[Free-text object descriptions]
• • • • •

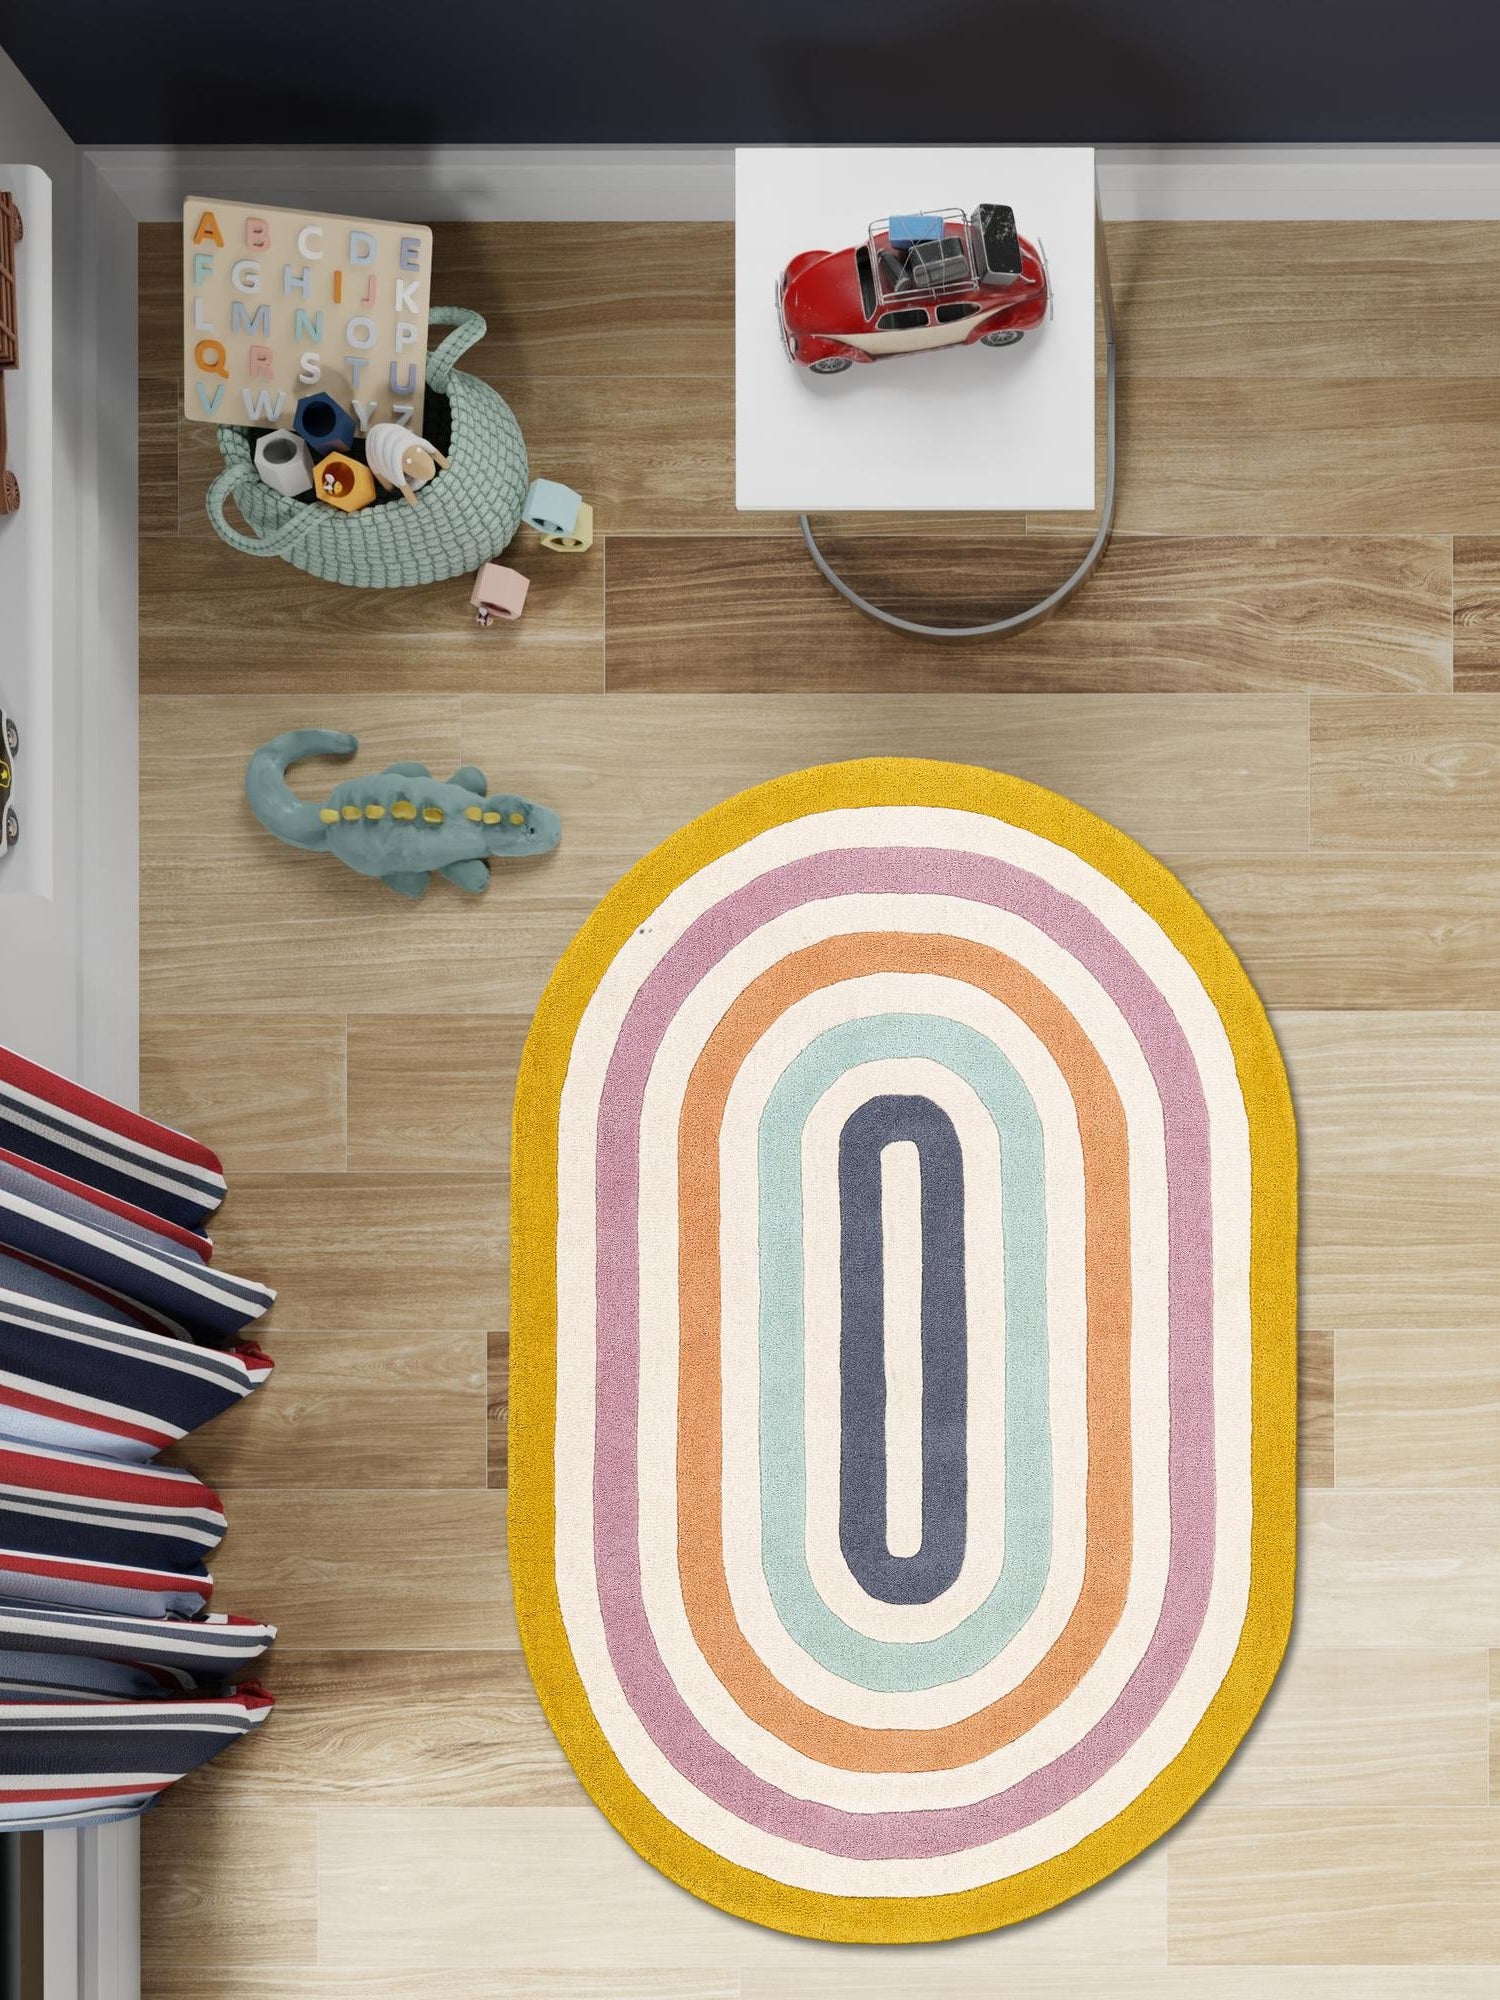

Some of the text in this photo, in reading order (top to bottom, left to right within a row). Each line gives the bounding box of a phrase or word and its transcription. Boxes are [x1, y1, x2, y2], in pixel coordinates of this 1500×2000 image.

[193, 212, 421, 272] A B C D E
[193, 253, 420, 314] F G H I J K
[194, 296, 417, 352] L M N O P
[194, 339, 417, 396] Q R S T U
[196, 382, 225, 417] V
[242, 388, 286, 422] W
[352, 399, 377, 432] Y
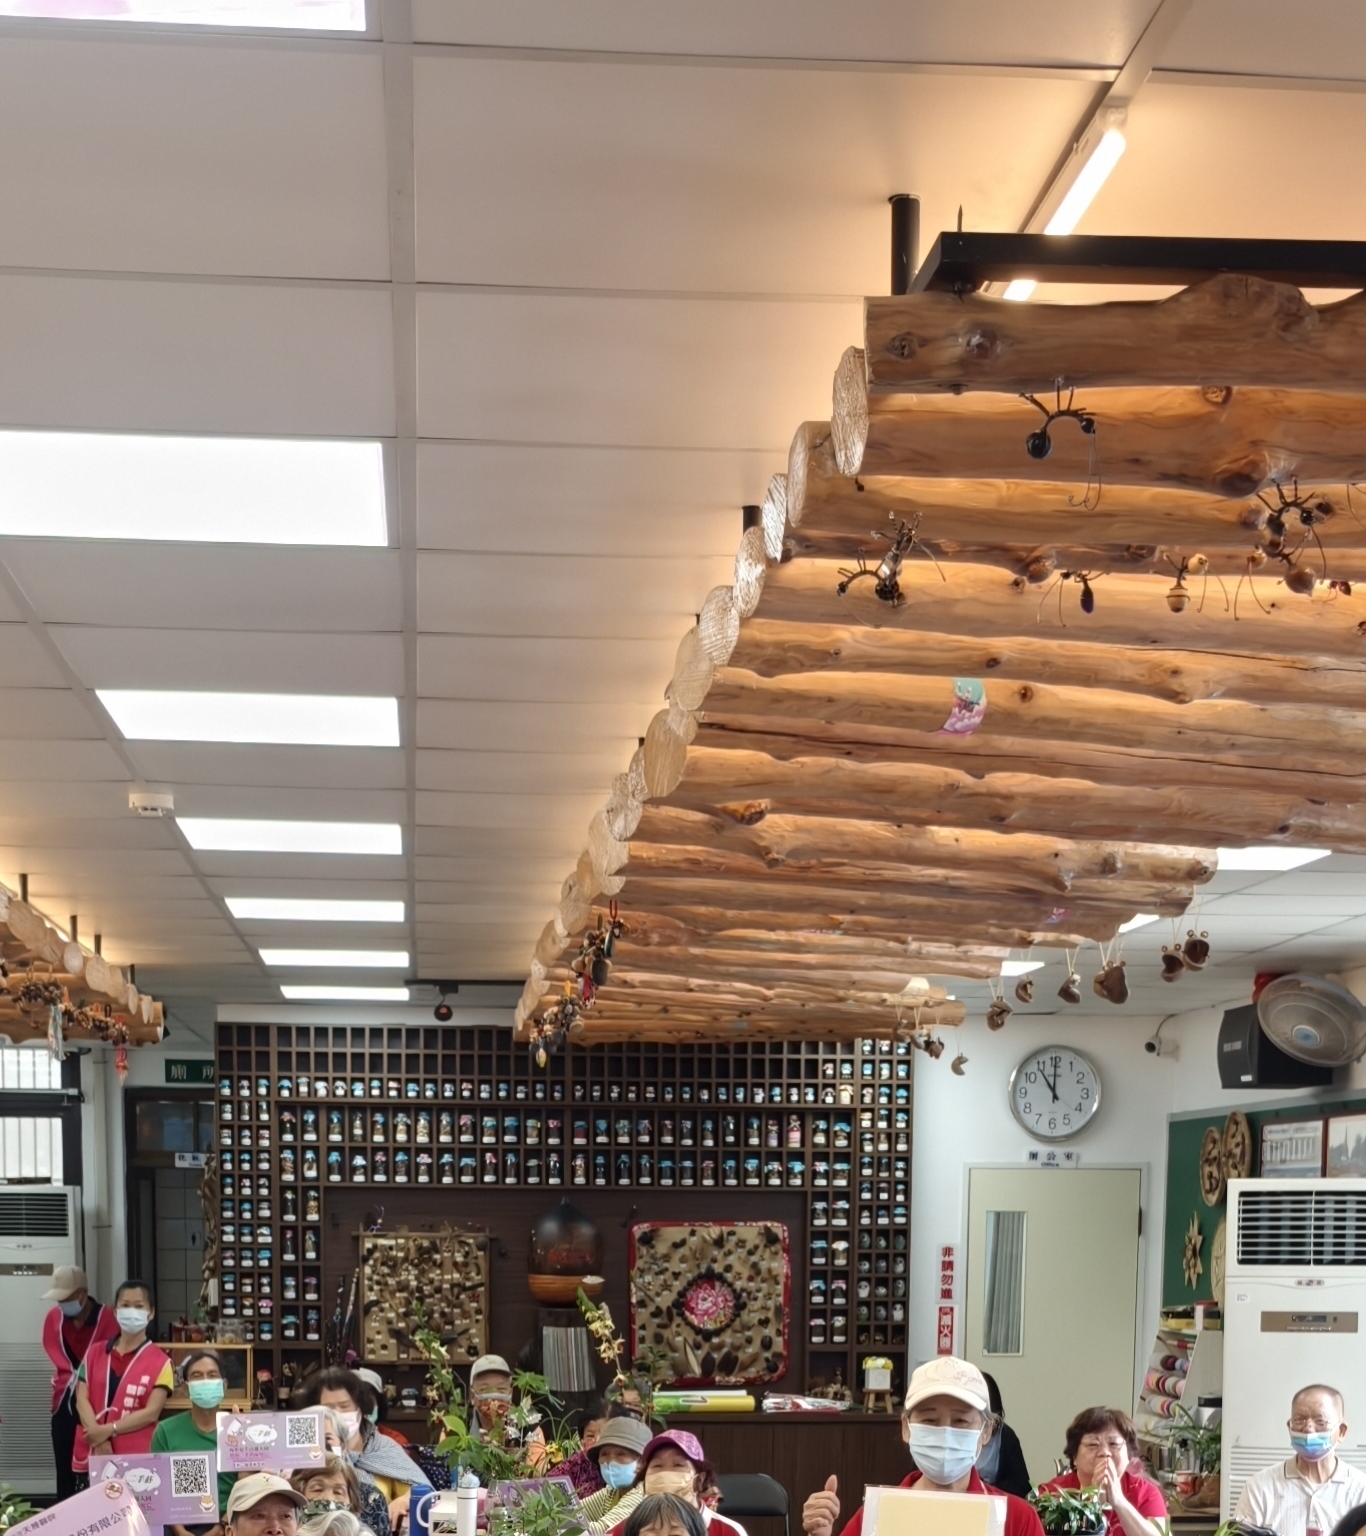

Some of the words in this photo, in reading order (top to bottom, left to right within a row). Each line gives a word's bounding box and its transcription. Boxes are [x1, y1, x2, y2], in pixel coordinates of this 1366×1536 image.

[1069, 1060, 1074, 1072] 1
[1024, 1071, 1037, 1084] 10
[1076, 1071, 1085, 1084] 2
[1018, 1086, 1027, 1099] 9
[1080, 1087, 1090, 1100] 3
[1023, 1102, 1032, 1114] 8
[1074, 1102, 1083, 1113] 4
[1035, 1113, 1043, 1125] 7
[1048, 1118, 1057, 1130] 6
[1062, 1113, 1071, 1126] 5

• • • • •

● **Work to complete**
Output the data above exactly; pictures do not belong in the copy.

● **Response for this exercise**
Some of the text in this photo, in reading order (top to bottom, left to right within a row). Each line gives the bounding box of a phrase or word and its transcription. Boxes are [x1, y1, x2, y2], in pixel coordinates of this 1500×2000 image.

[193, 212, 421, 272] A B C D E
[193, 253, 420, 314] F G H I J K
[194, 296, 417, 352] L M N O P
[194, 339, 417, 396] Q R S T U
[196, 382, 225, 417] V
[242, 388, 286, 422] W
[352, 399, 377, 432] Y

Some of the words in this photo, in reading order (top to bottom, left to right within a row). Each line gives a word's bounding box and its transcription. Boxes are [x1, y1, x2, y2], in pixel coordinates of this 1366×1536 image.

[1069, 1060, 1074, 1072] 1
[1024, 1071, 1037, 1084] 10
[1076, 1071, 1085, 1084] 2
[1018, 1086, 1027, 1099] 9
[1080, 1087, 1090, 1100] 3
[1023, 1102, 1032, 1114] 8
[1074, 1102, 1083, 1113] 4
[1035, 1113, 1043, 1125] 7
[1048, 1118, 1057, 1130] 6
[1062, 1113, 1071, 1126] 5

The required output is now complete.